宅配ドライバーは、荷物や商品をトラック、バン、または軽自動車などの車両に積み込み、顧客のもとへ配達する仕事です。荷物を届けるシンプルな仕事ですが、配達先やルートを確認し、最適な配達順序を計画することが求められます。また、荷物の積み下ろしの際の迅速さや丁寧さ、顧客との丁寧なコミュニケーションといった接客技術も大切です。
一般的には荷物の配送以外にも受け取りや配達料徴収なども行い、さらに近年では荷物だけでなく雑誌やパンフレットなどの配達も始まるなど、取り扱う種類も増えています。

宅配ドライバー開業の形態と許可申請

宅配ドライバーを開業する場合、主に次の2つの形態があり、どちらも運輸局の許可が必要となります。

●一般貨物自動車運送事業として「緑ナンバー」で開業する
●貨物軽自動車運送事業として「黒ナンバー」で開業する

それぞれの特徴をご紹介します。

一般貨物自動車運送事業(緑ナンバー)

一般貨物自動車運送事業とは、「他人からの依頼を有償で受け、事業用トラックを使って貨物を運ぶ事業」のことです。事業に使う自動車には、緑地に白色ナンバーの「緑ナンバー」が付けられます。一般貨物自動車普通事業はトラックや大型トラックなどが対象で、軽自動車やバイクによる貨物の輸送はこの事業に含まれません。
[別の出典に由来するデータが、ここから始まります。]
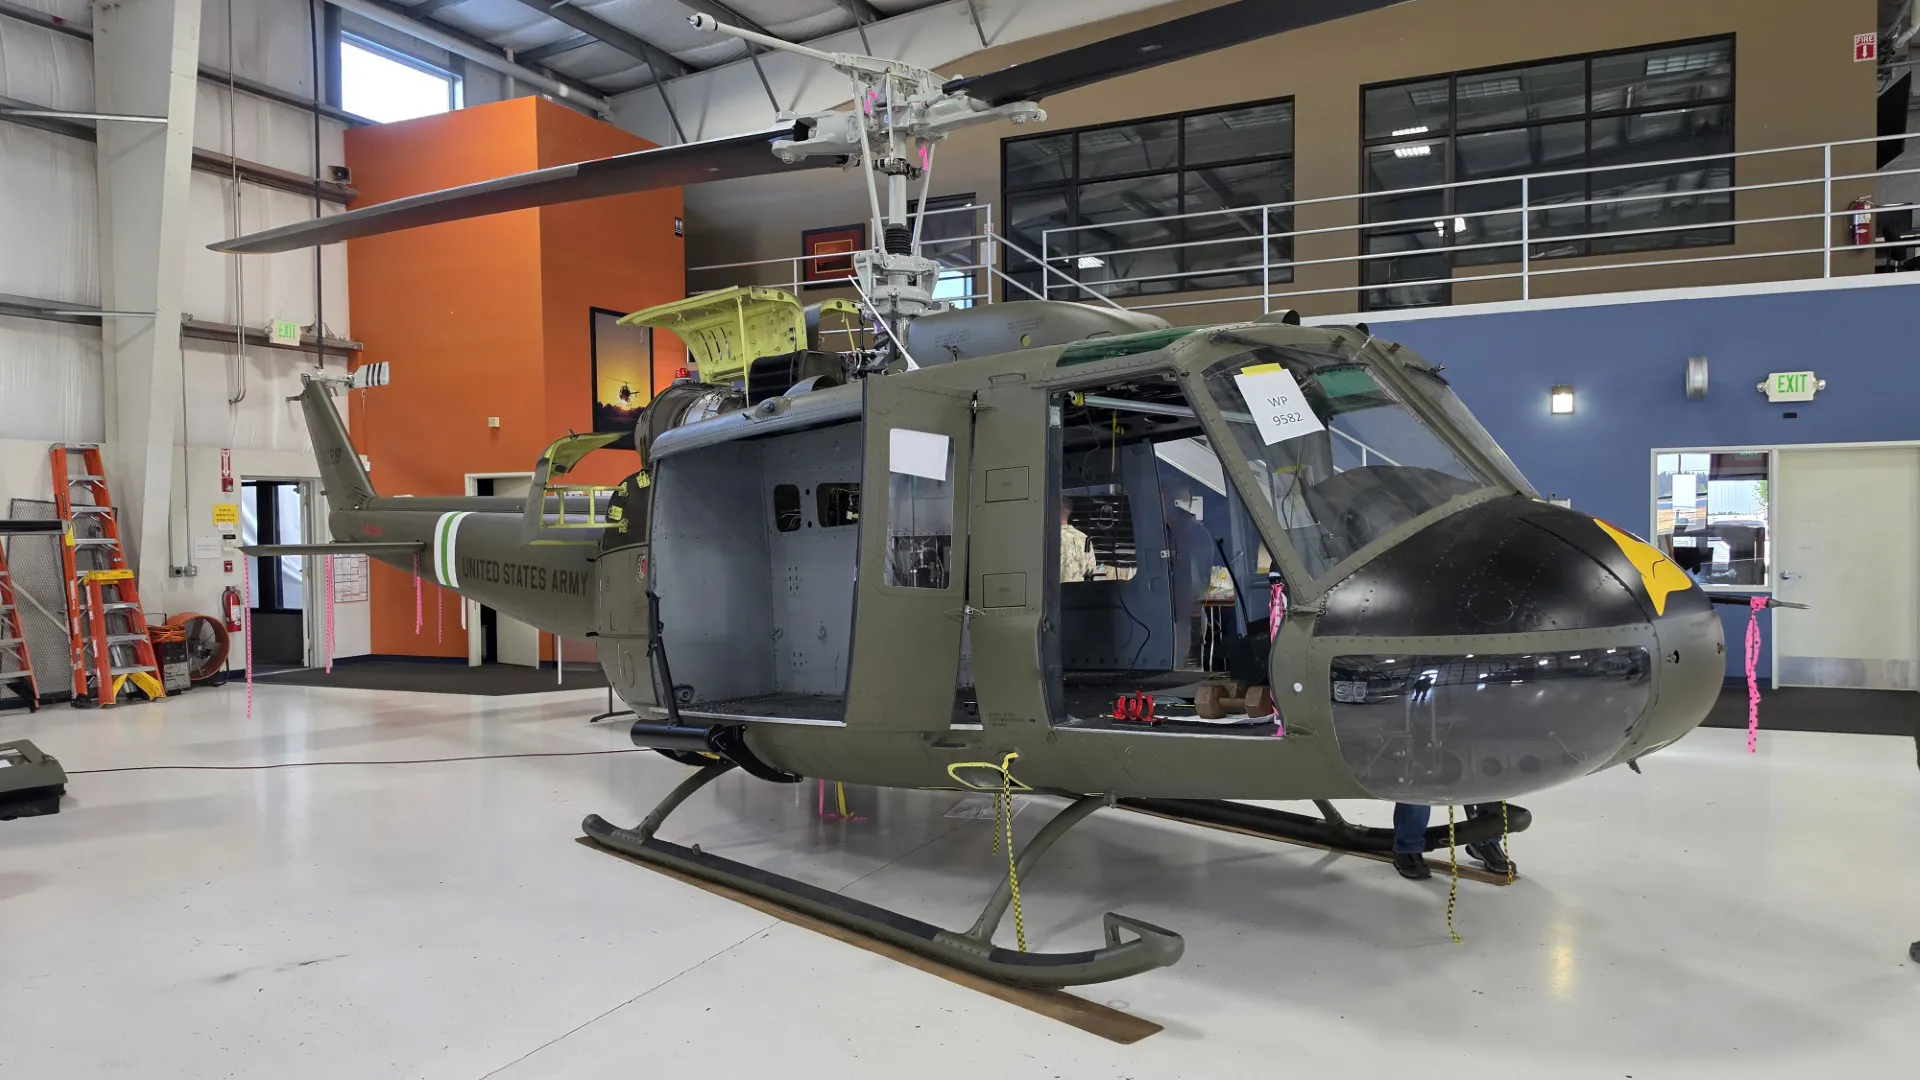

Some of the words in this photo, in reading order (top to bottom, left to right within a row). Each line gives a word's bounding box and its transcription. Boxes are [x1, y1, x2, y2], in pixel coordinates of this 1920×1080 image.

[1856, 34, 1875, 43] FIRE
[278, 321, 297, 339] EXIT
[1777, 374, 1808, 393] EXIT
[1267, 395, 1288, 407] WP
[1272, 412, 1304, 426] 9582
[462, 557, 500, 583] UNITED
[503, 562, 547, 590] STATES
[551, 569, 588, 597] ARMY
一般貨物自動車運送事業を始める際には、まず国土交通大臣または地方運輸局長の許可が必要となります。事業を始める前に、許可基準を満たす事業計画書や営業所の図面、運行管理者資格者証など、さまざまな書類を運輸局へ提出します。申請受付から許可の取得までは3~5カ月程度かかり、申請書に不備がある場合などはさらに延びるため、開業準備は余裕を持って取り組みましょう。

事業計画の主な基準は以下の通りです。
※以下は中部運輸局の基準になります

・おおよそ10㎡以上の専有できる広さで、机やいすなど、営業上の対応ができる設備がある営業所があること
・原則として車庫が営業所に併設されていること。ただし、併設できない場合も営業所からある程度の距離の範囲内であること
・事業用車両が種別ごとに(例えば普通貨物車)5両以上あること。また十分な人数のドライバーと整備管理者を確保すること
・事業をスタートするための資金が十分にあり、調達の目途が立っていること(事業開始に要する資金の内訳は、人件費や土地費、建物費、車両費、車両にかかる保険料など)
・運行管理体制が整っていること
・従業員が社会保険に加入していること

さらに、運輸局への申請の翌月以降、登記されている事業担当常勤役員1名が法令試験に合格する必要があります。法令試験は2カ月に1回(奇数月)に実施されていて、出題数は30問、8割以上の正解で合格となります。初回の試験に不合格でも翌々月に再試験を受けられますが、2回不合格の場合は申請が却下されるので注意しましょう。法令試験をクリアし、必要書類が揃えば緑ナンバーを取得できます。運輸支局長の許可を得て運輸開始届を提出するまで最低でも6カ月以上かかります。
※参考:国土交通省中部運輸局「一般貨物自動車運送業とは」

一般貨物自動車運送事業が向いている人

一般貨物自動車運送事業を開業するための条件を満たしやすく、すでに社会的信頼を得ているような法人の方が向いています。開業条件にある、営業所の用意・資金や人材の確保は、個人ではなかなか難しいケースが多く、また、個人事業主でもドライバーを雇用すれば開業は可能ですが、法人に比べるとどうしてもハードルは高くなりがちです。

貨物軽自動車運送事業(黒ナンバー)

貨物軽自動車運送事業とは、「軽自動車、または125cc以上の自動二輪車などの車両を使用し、運賃をもらって荷物を運送する事業」のことです。軽バンや軽トラックで運ぶことから一般貨物自動車(普通トラック以上)と比べると積載量は少なくなりますが、一般貨物自動車運送事業で必須だった許可申請や法令試験は不要で、開業に必要な条件のハードルは低くなります。
事業を始めるには、管轄の運輸局に貨物軽自動車運送事業経営届書を提出し、事業に使う車両を登録する必要があります。そして、届出完了の証明として受け取った事業用自動車等連絡書を軽自動車検査協会に提出すれば、最短即日受理・登録され、黒地に黄色ナンバーの「黒ナンバー」を取得できます。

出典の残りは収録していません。